Recent SRAM-based computation-in-memory (CIM) macros enable mid-to-high precision multiply-and-accumulate (MAC) operations with improved energy efficiency using ultra-small/small capacity (0.4-8KB) memory devices. However, advanced CIM-based edge-AI chips favor multiple mid/large capacity SRAM-CIM macros: with high input (IN) and weight (W) precision to reduce the frequency of data reloads from external DRAM, and to avoid the need for additional SRAM buffers or ultra-large on-chip weight buffers.

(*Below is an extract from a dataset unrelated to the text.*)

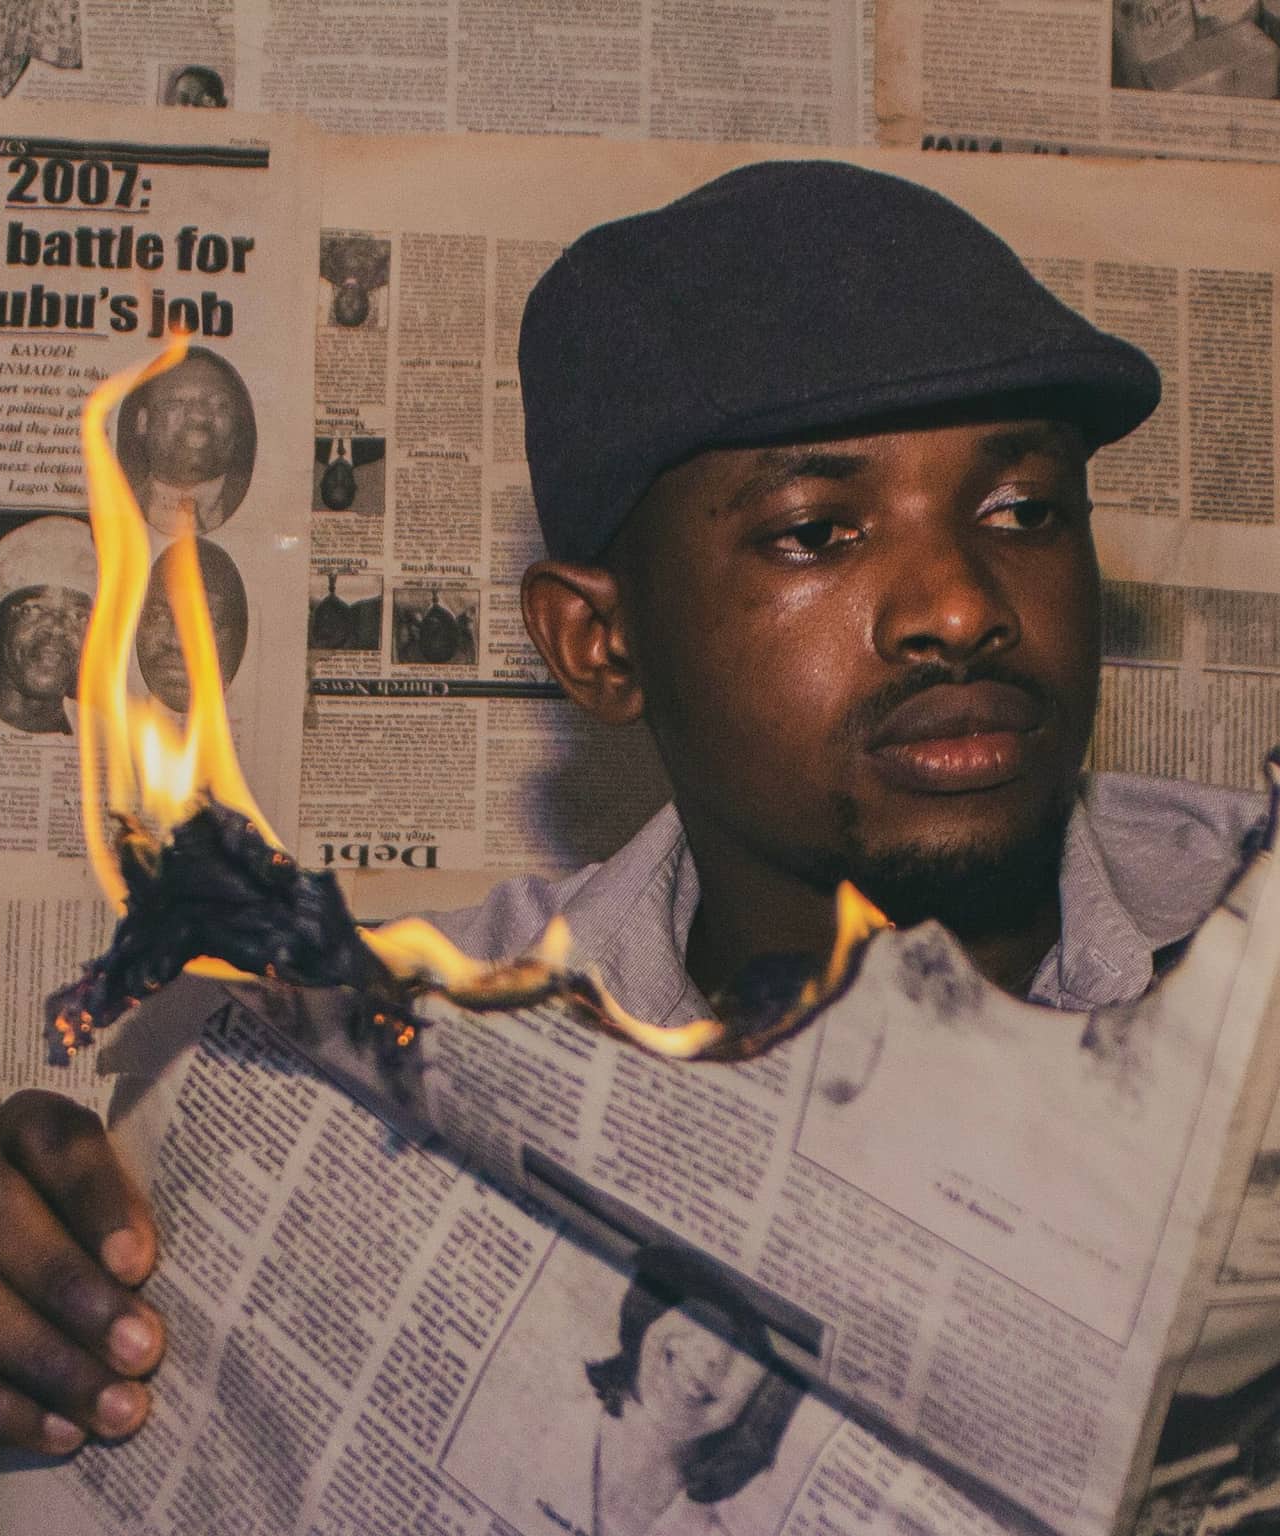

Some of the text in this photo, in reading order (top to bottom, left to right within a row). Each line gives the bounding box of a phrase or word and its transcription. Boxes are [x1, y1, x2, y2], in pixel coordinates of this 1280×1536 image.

However, enlarging memory capacity and throughput increases the delay parasitics on WLs and BLs, and the number of parallel computing elements; resulting in longer compute latency (tAC), lower energy-efficiency (EF), degraded signal margin, and larger fluctuations in power consumption across data-patterns (see Fig. 16.3.1). Recent SRAM-CIM macros tend to not use in-lab SRAM cells, with a logic-based layout, in favor of foundry provided compact-layout 8T [2], 3, [5] or 6T cells with local-computing cells (LCCs) [4], [6] to reduce the cell-array area and facilitate manufacturing. This paper presents a SRAM-CIM structure using (1) a segmented-BL charge-sharing (SBCS) scheme for MAC operations, with low energy consumption and a consistently high signal margin across MAC values (MACV); (2) An new LCC cell, called a source-injection local-multiplication cell (SILMC), to support the SBCS scheme with a consistent signal margin against transistor process variation; and (3) A prioritized-hybrid-ADC (Ph-ADC) to achieve a small area and power overhead for analog readout. A 28nm 384kb SRAM-CIM macro was fabricated using a foundry compact-6T cell with support for MAC operations with 16 accumulations of 8b-inputs and 8b-weights with near-full precision output (20b). This macro achieves a 7.2ns tAC and a 22.75TOPS/W EF for 8b-MAC operations with an FoM (IN-precision × W-precision × output-ratio × output-channel × EF/tAC) 6× higher than prior work.

查看原文本刊更多论文

16.3用于AI边缘芯片的28nm 384kb 6T-SRAM内存宏计算，精度为8b

最近基于sram的内存计算(CIM)宏使用超小型/小容量(0.4-8KB)内存设备，可以实现中高精度的乘法累加(MAC)操作，并提高了能效。然而，先进的基于cim的边缘ai芯片支持多个中/大容量SRAM- cim宏:具有高输入(IN)和重量(W)精度，以减少从外部DRAM重新加载数据的频率，并避免需要额外的SRAM缓冲区或超大片上重量缓冲区。然而，内存容量和吞吐量的增加增加了时延寄生在wl和bl上，并增加了并行计算单元的数量;导致更长的计算延迟(tAC)、更低的能效(EF)、退化的信号裕度，以及跨数据模式的更大功耗波动(见图16.3.1)。最近的SRAM- cim宏倾向于不使用实验室SRAM单元，具有基于逻辑的布局，而倾向于代工提供紧凑布局的8T[2]， 3，[5]或带有本地计算单元(lcc)[4]，[6]的6T单元，以减少单元阵列面积并促进制造。本文提出了一种SRAM-CIM结构，使用(1)MAC操作的分段bl电荷共享(SBCS)方案，具有低能耗和跨MAC值(MACV)一致的高信号余量;(2)一种新的LCC单元，称为源注入局部倍增单元(SILMC)，以支持SBCS方案，具有一致的信号裕度，可以抵抗晶体管工艺变化;(3)优先混合adc (Ph-ADC)，以实现模拟读出的小面积和功耗开销。一个28nm 384kb的SRAM-CIM宏是使用代工紧凑的6t单元制造的，支持MAC操作，具有16个8b输入和8b权重的累积，具有接近全精度的输出(20b)。对于8b-MAC操作，该宏实现了7.2ns tAC和22.75TOPS/W EF, FoM (in精度× W精度×输出比×输出通道× EF/tAC)比以前的工作高6倍。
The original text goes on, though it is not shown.